*** Opening PROVIDED MATERIAL ***

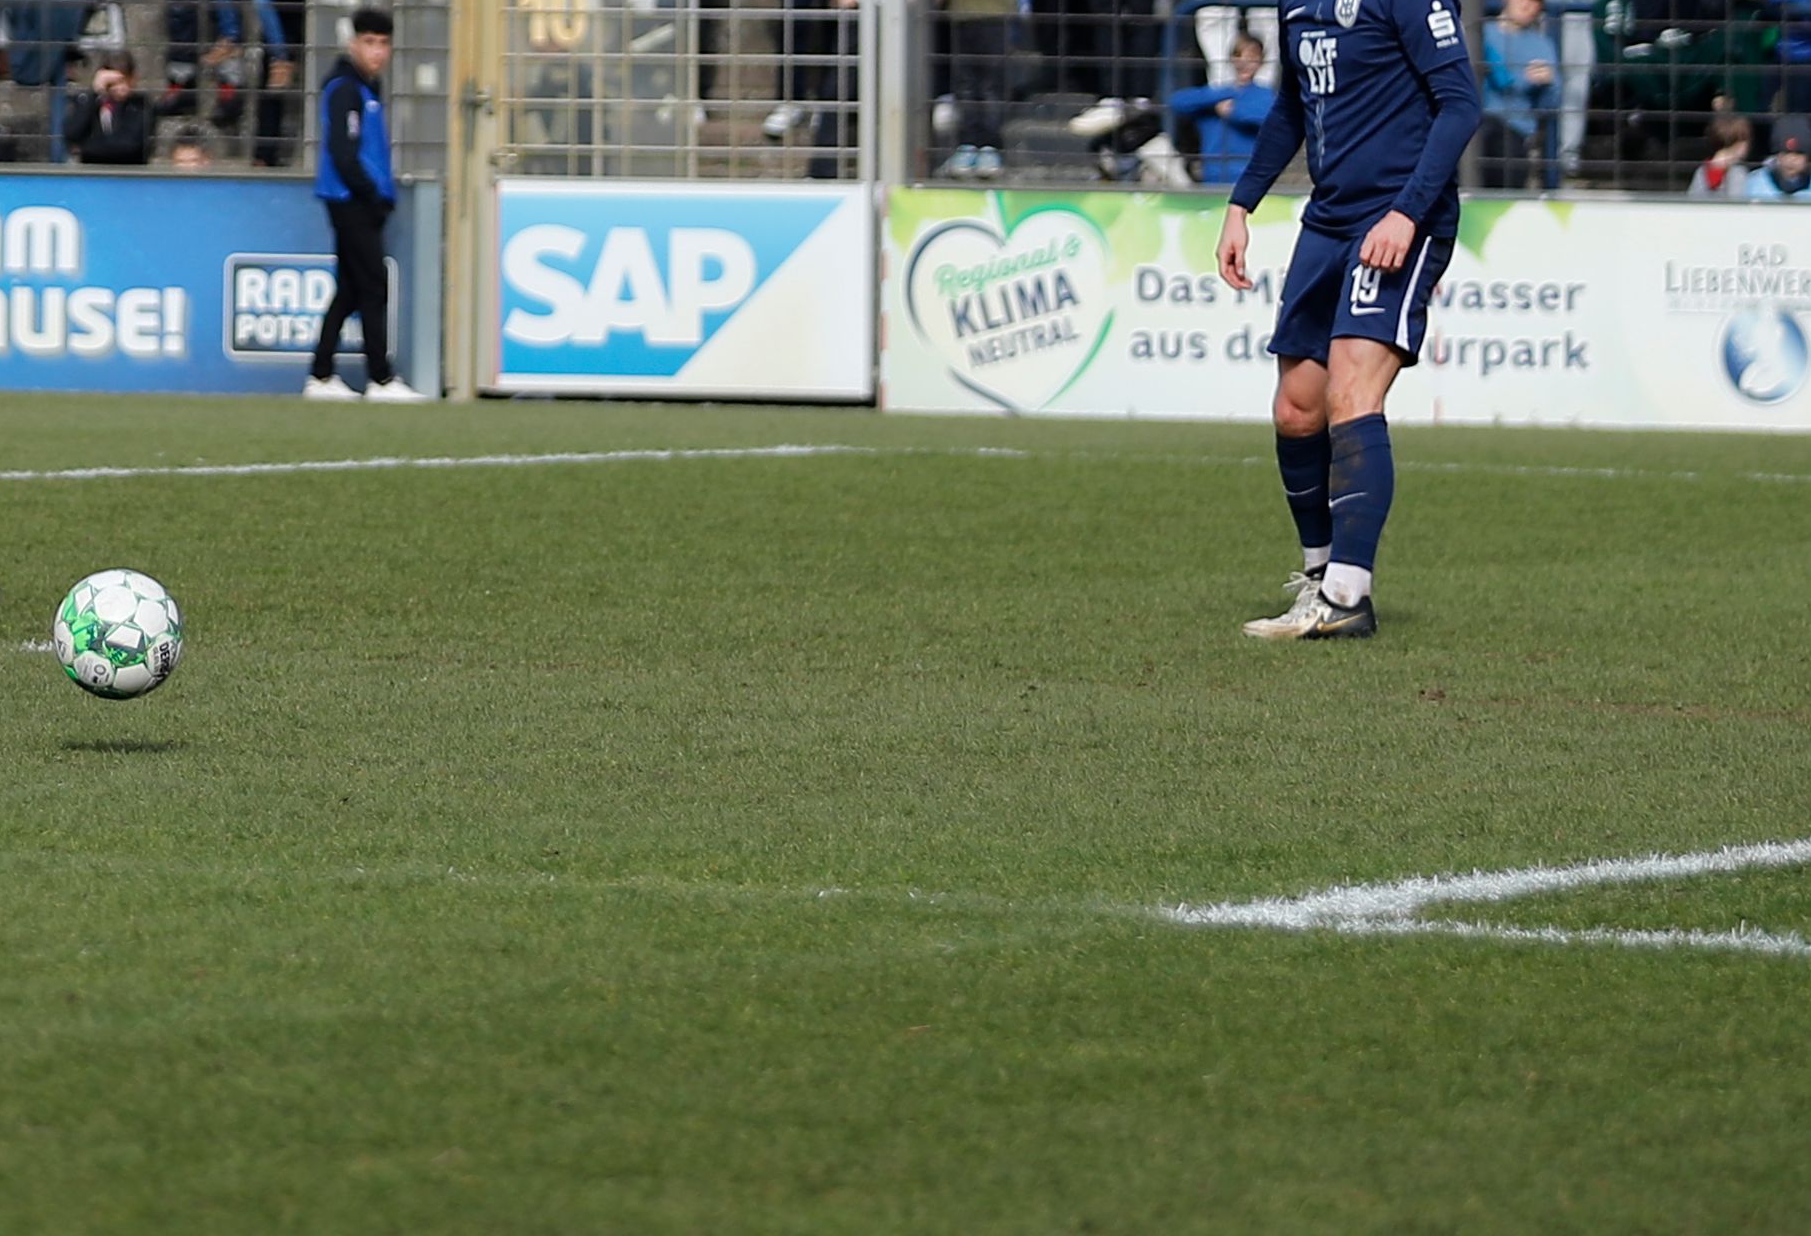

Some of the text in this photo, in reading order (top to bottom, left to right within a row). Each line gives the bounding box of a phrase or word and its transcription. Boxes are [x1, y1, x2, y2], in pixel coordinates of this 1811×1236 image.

[935, 237, 1059, 296] Regional
[1665, 260, 1811, 294] LIEBENWER
[1737, 243, 1788, 266] BAD
[236, 268, 338, 313] RAD
[503, 224, 758, 346] SAP
[949, 268, 1081, 338] KLIMA
[1138, 267, 1218, 304] Das
[1350, 265, 1381, 303] 19
[967, 315, 1081, 367] NEUTRAL
[1130, 323, 1588, 376] aus de urpark

*** Closing PROVIDED MATERIAL ***

Go through the listing above and retype each line exactly, apart from the pictures.

Some of the text in this photo, in reading order (top to bottom, left to right within a row). Each line gives the bounding box of a phrase or word and its transcription. Boxes are [x1, y1, x2, y2], in pixel coordinates of this 1811×1236 image.

[935, 237, 1059, 296] Regional
[1665, 260, 1811, 294] LIEBENWER
[1737, 243, 1788, 266] BAD
[236, 268, 338, 313] RAD
[503, 224, 758, 346] SAP
[949, 268, 1081, 338] KLIMA
[1138, 267, 1218, 304] Das
[1350, 265, 1381, 303] 19
[967, 315, 1081, 367] NEUTRAL
[1130, 323, 1588, 376] aus de urpark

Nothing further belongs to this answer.